• TO DO: Pictures are to be left out, and the rest of the records reproduced exactly.

• PROVIDED DATA:
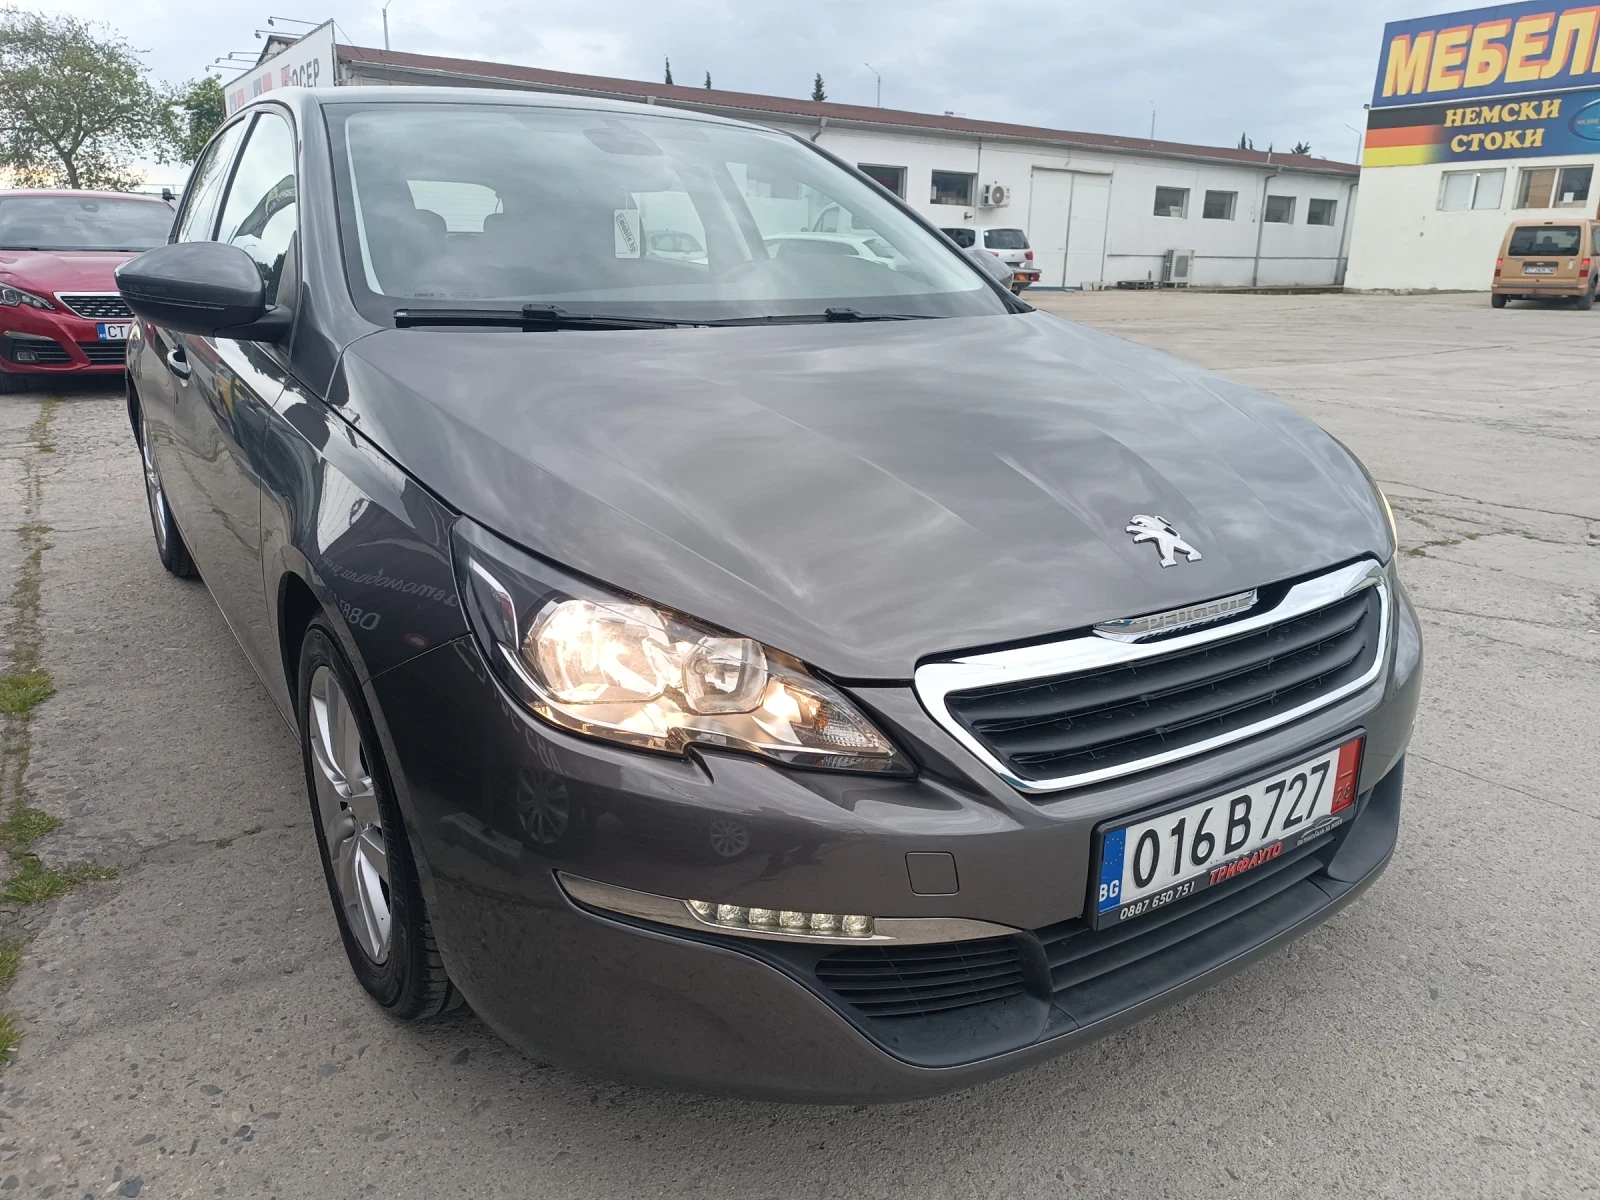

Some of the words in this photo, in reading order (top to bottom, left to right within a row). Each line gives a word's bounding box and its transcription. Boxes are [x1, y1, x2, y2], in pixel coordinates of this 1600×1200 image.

[1381, 5, 1600, 98] МЕБЕЛ
[1443, 98, 1563, 128] НЕМСКИ
[1450, 128, 1546, 153] СТОКИ
[618, 218, 637, 252] mobile.bg
[107, 325, 125, 338] CT
[1209, 841, 1283, 886] ТРИФАУТО
[1099, 879, 1120, 903] BG
[1119, 899, 1150, 920] 0887
[1151, 890, 1174, 908] 650
[1175, 881, 1195, 899] 751
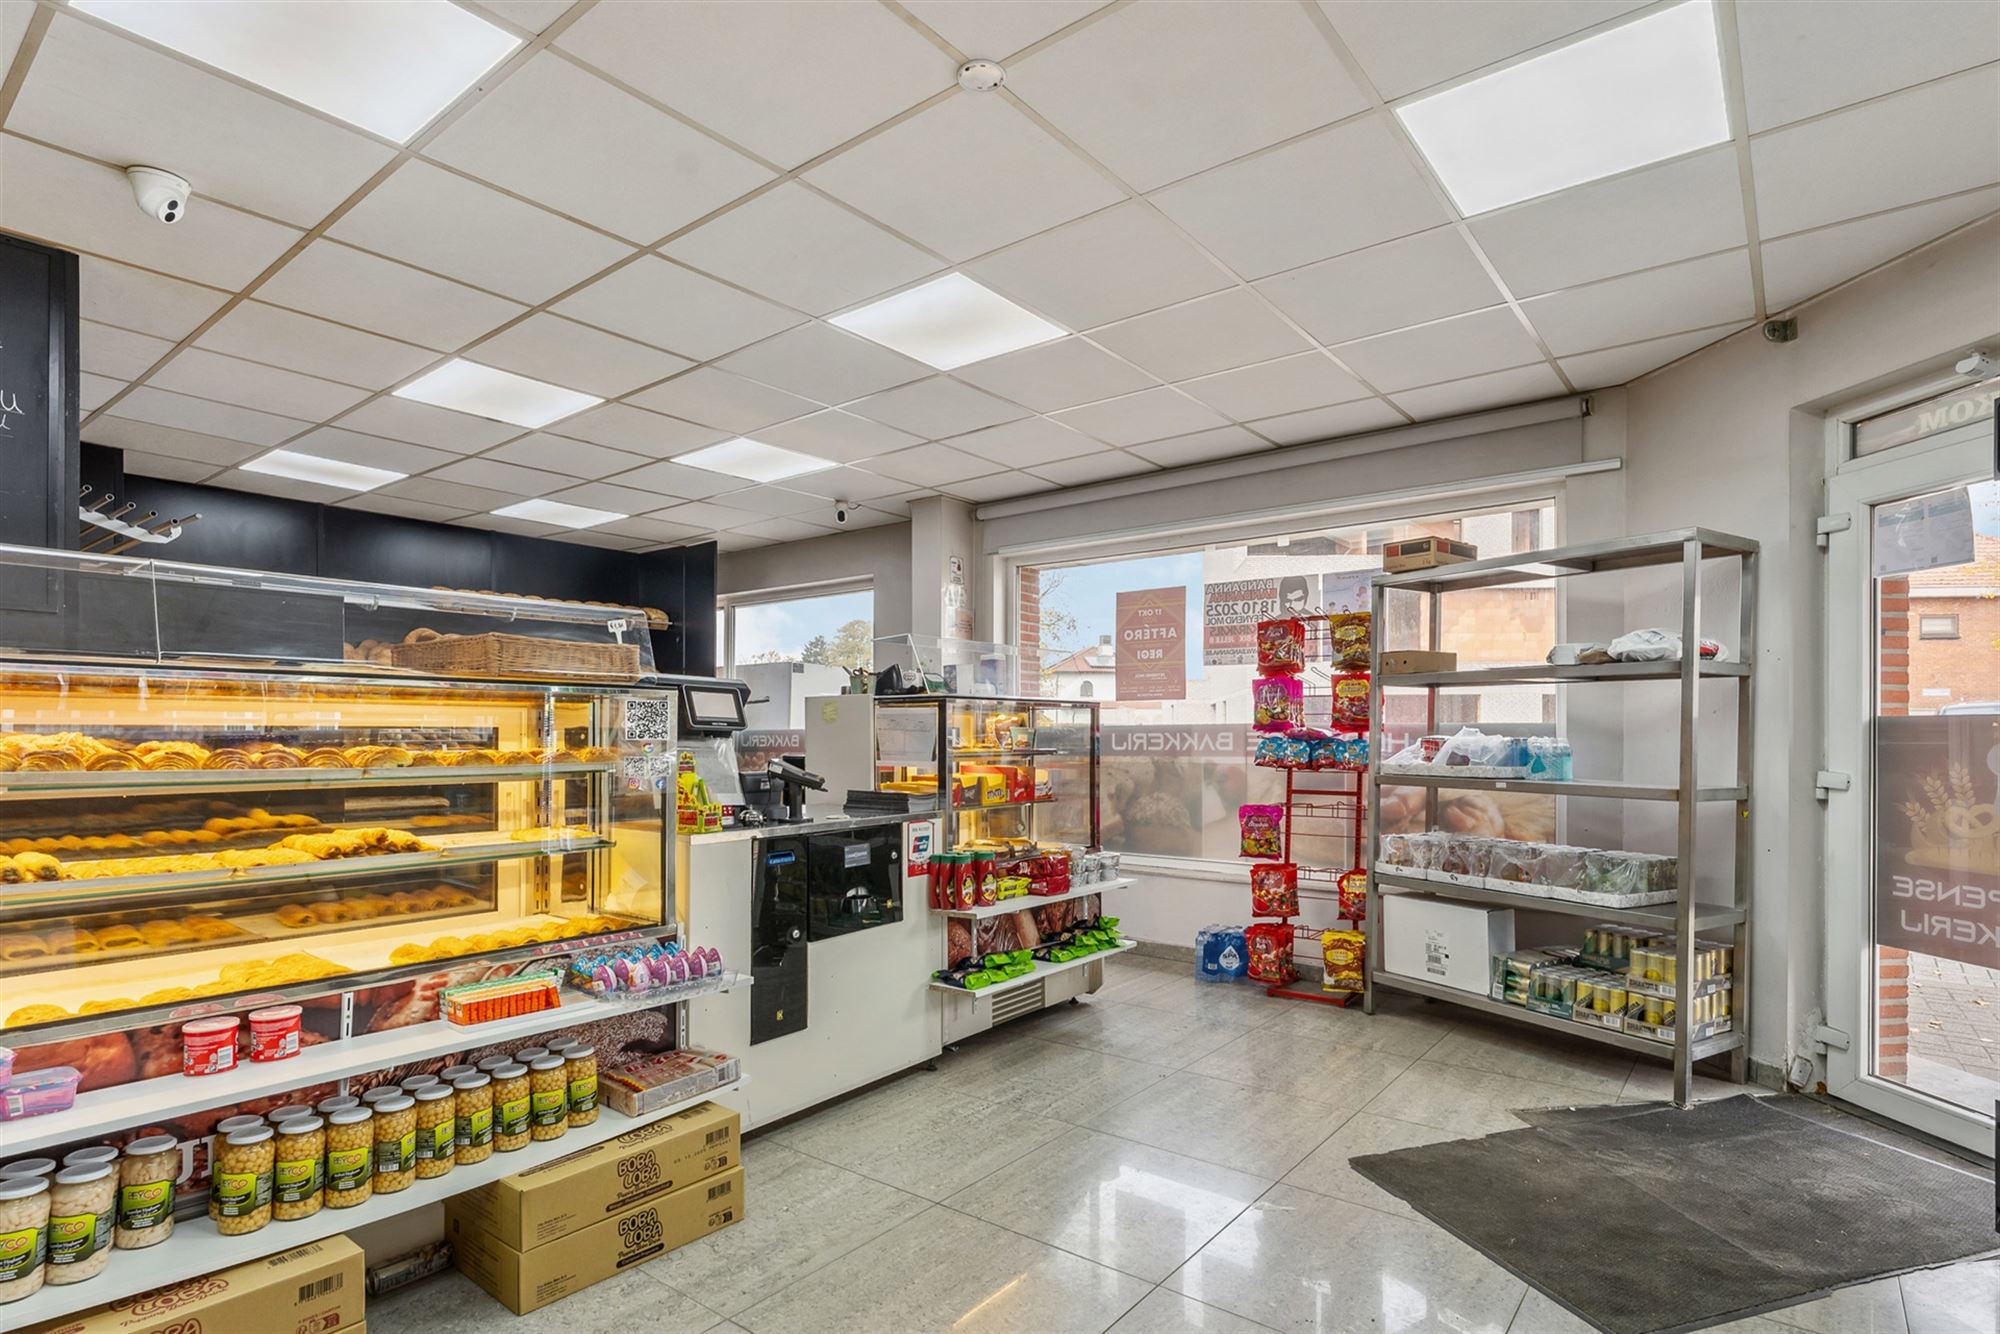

• FINAL ANSWER:
Some of the words in this photo, in reading order (top to bottom, left to right within a row). Each line gives a word's bounding box and its transcription. Boxes are [x1, y1, x2, y2], in pixel coordinates of this 1600×1200 image.

[1381, 5, 1600, 98] МЕБЕЛ
[1443, 98, 1563, 128] НЕМСКИ
[1450, 128, 1546, 153] СТОКИ
[618, 218, 637, 252] mobile.bg
[107, 325, 125, 338] CT
[1209, 841, 1283, 886] ТРИФАУТО
[1099, 879, 1120, 903] BG
[1119, 899, 1150, 920] 0887
[1151, 890, 1174, 908] 650
[1175, 881, 1195, 899] 751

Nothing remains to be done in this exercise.